▶ What you need to do:
Word for word, restate the listing; omit the pictures.
----------------------------------------
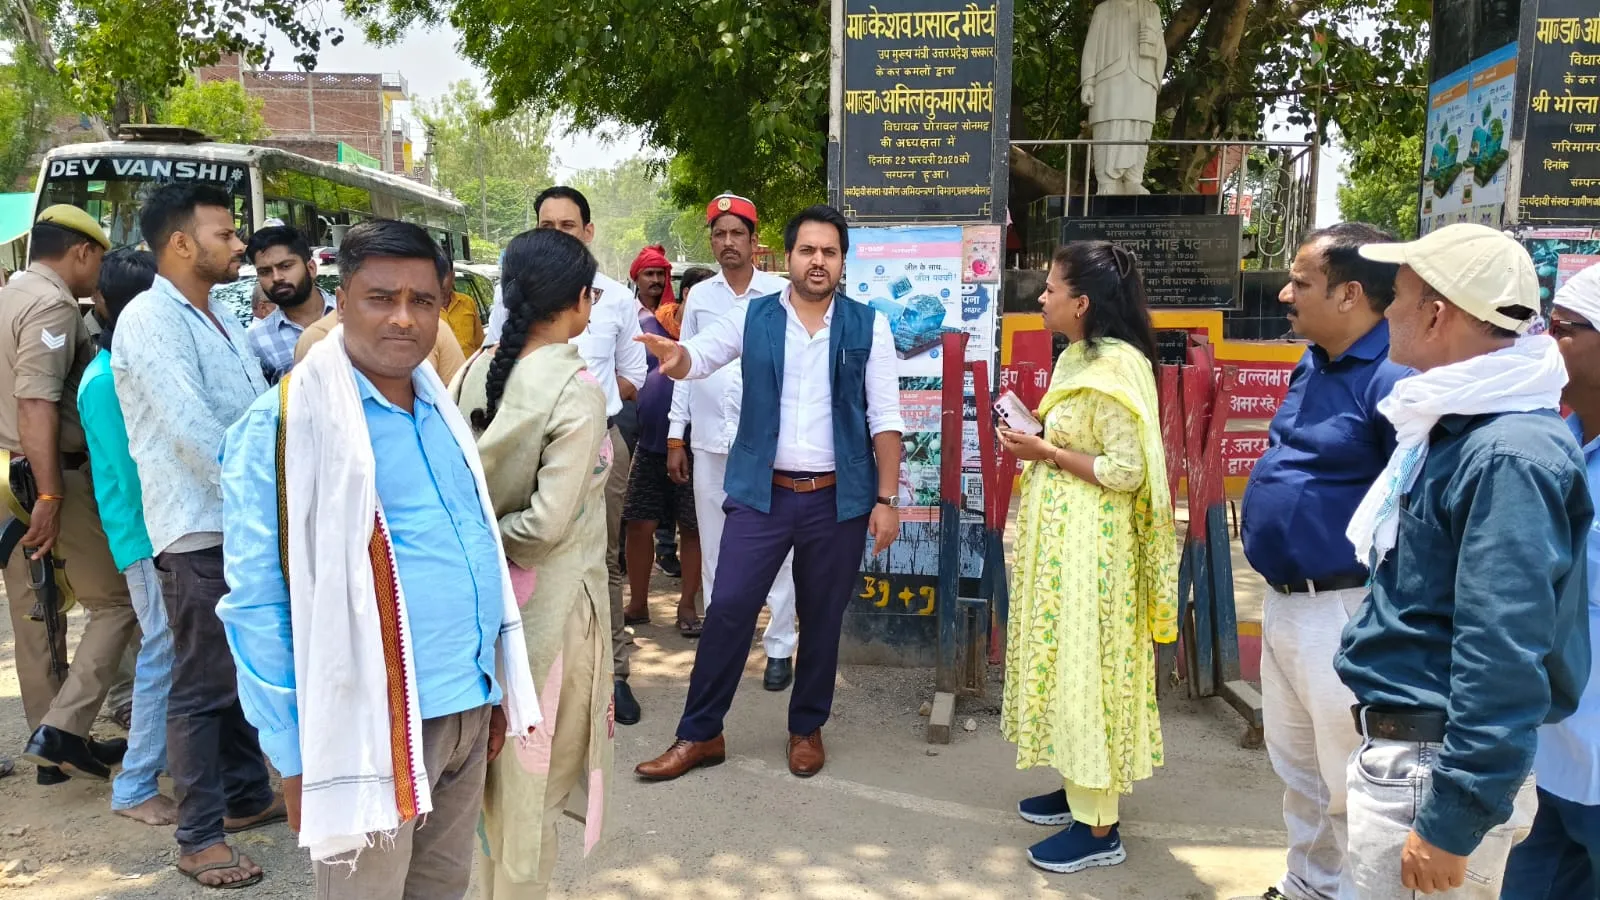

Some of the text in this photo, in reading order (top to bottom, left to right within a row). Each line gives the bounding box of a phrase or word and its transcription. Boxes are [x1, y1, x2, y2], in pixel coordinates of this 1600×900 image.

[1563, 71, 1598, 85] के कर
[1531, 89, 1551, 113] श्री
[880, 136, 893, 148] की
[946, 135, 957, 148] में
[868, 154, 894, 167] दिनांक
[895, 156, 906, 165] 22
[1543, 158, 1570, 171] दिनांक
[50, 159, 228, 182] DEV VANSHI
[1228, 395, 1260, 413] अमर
----------------------------------------
▶ Answer box:
Some of the text in this photo, in reading order (top to bottom, left to right within a row). Each line gives the bounding box of a phrase or word and its transcription. Boxes are [x1, y1, x2, y2], in pixel coordinates of this 1600×900 image.

[1563, 71, 1598, 85] के कर
[1531, 89, 1551, 113] श्री
[880, 136, 893, 148] की
[946, 135, 957, 148] में
[868, 154, 894, 167] दिनांक
[895, 156, 906, 165] 22
[1543, 158, 1570, 171] दिनांक
[50, 159, 228, 182] DEV VANSHI
[1228, 395, 1260, 413] अमर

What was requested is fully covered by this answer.